● WORK TO COMPLETE: Omitting all pictures, retype the entries below exactly as given.

*** Opening THE RECORDS ***

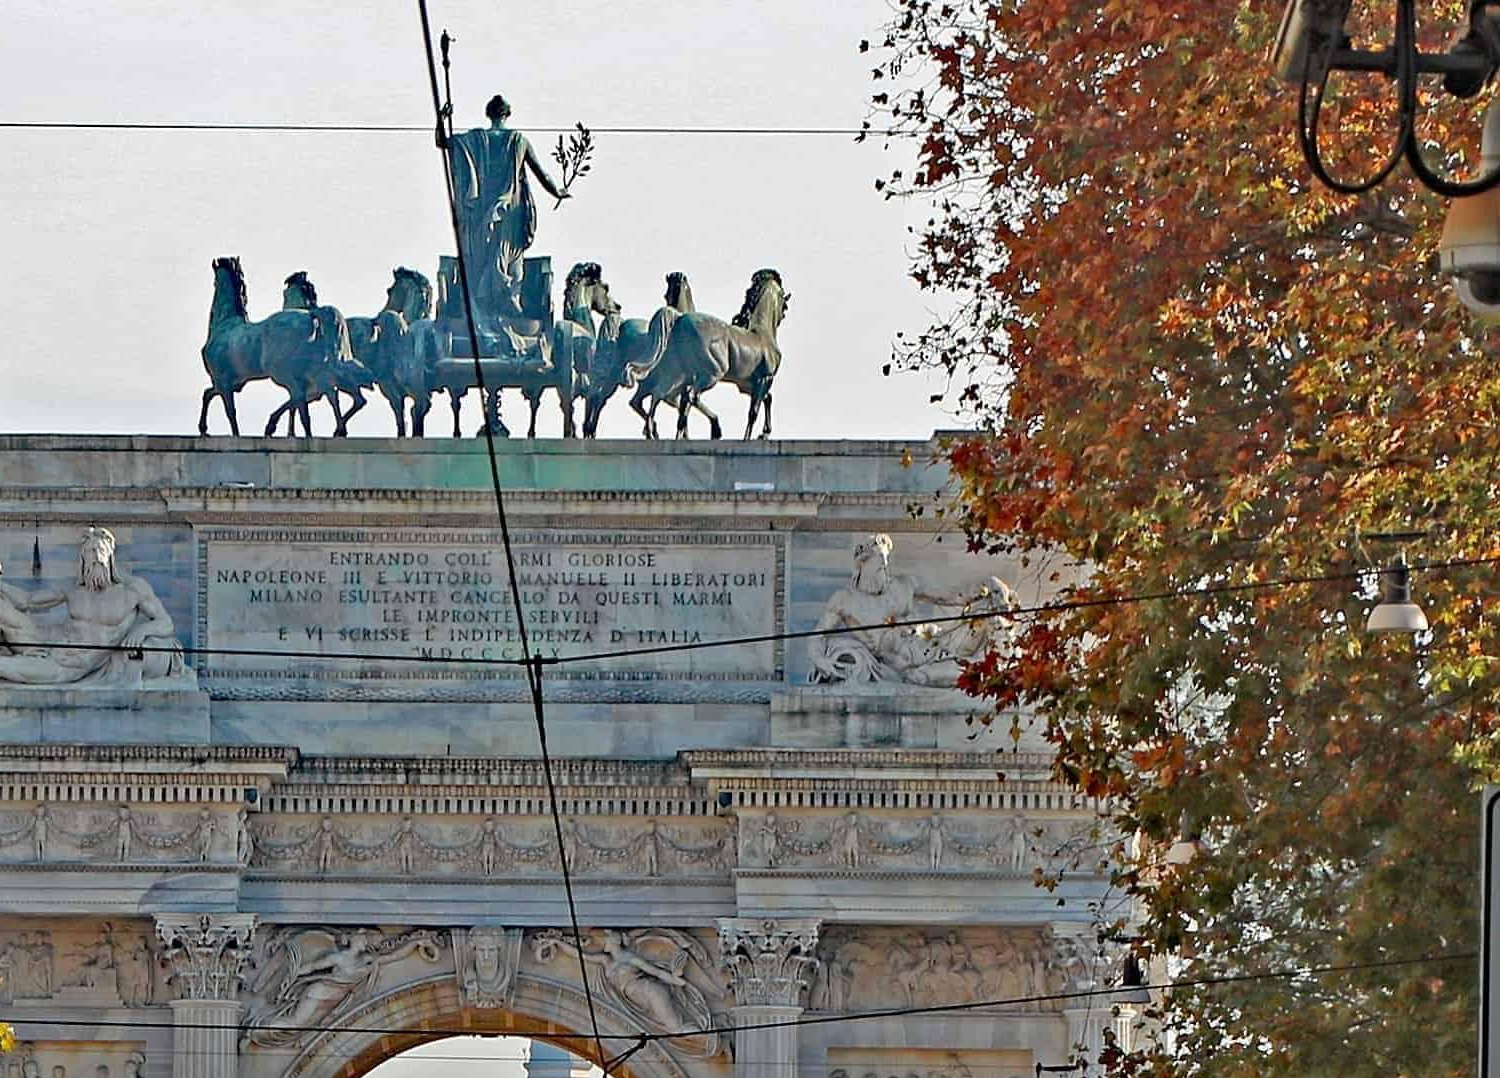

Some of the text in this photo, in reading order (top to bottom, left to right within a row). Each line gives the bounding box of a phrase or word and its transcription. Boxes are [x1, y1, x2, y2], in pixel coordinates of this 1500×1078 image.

[330, 552, 429, 566] ENTRANDO
[568, 552, 657, 567] GLORIOSE
[217, 570, 327, 585] NAPOLEONE
[343, 570, 361, 585] III
[377, 570, 387, 585] E
[403, 571, 493, 586] VITTORIO
[623, 573, 636, 586] II
[652, 573, 766, 587] LIBERATORI
[250, 590, 323, 604] MILANO
[339, 590, 438, 604] ESULTANTE
[558, 591, 582, 605] DA
[595, 591, 659, 606] QUESTI
[672, 591, 733, 606] MARMI
[382, 609, 599, 625] LE IMPRONTE SERVILI
[278, 626, 289, 641] E
[306, 627, 323, 642] VI
[339, 627, 410, 642] SCRISSE
[639, 629, 702, 644] ITALIA

*** Closing THE RECORDS ***

● PROBLEM SOLUTION:
Some of the text in this photo, in reading order (top to bottom, left to right within a row). Each line gives the bounding box of a phrase or word and its transcription. Boxes are [x1, y1, x2, y2], in pixel coordinates of this 1500×1078 image.

[330, 552, 429, 566] ENTRANDO
[568, 552, 657, 567] GLORIOSE
[217, 570, 327, 585] NAPOLEONE
[343, 570, 361, 585] III
[377, 570, 387, 585] E
[403, 571, 493, 586] VITTORIO
[623, 573, 636, 586] II
[652, 573, 766, 587] LIBERATORI
[250, 590, 323, 604] MILANO
[339, 590, 438, 604] ESULTANTE
[558, 591, 582, 605] DA
[595, 591, 659, 606] QUESTI
[672, 591, 733, 606] MARMI
[382, 609, 599, 625] LE IMPRONTE SERVILI
[278, 626, 289, 641] E
[306, 627, 323, 642] VI
[339, 627, 410, 642] SCRISSE
[639, 629, 702, 644] ITALIA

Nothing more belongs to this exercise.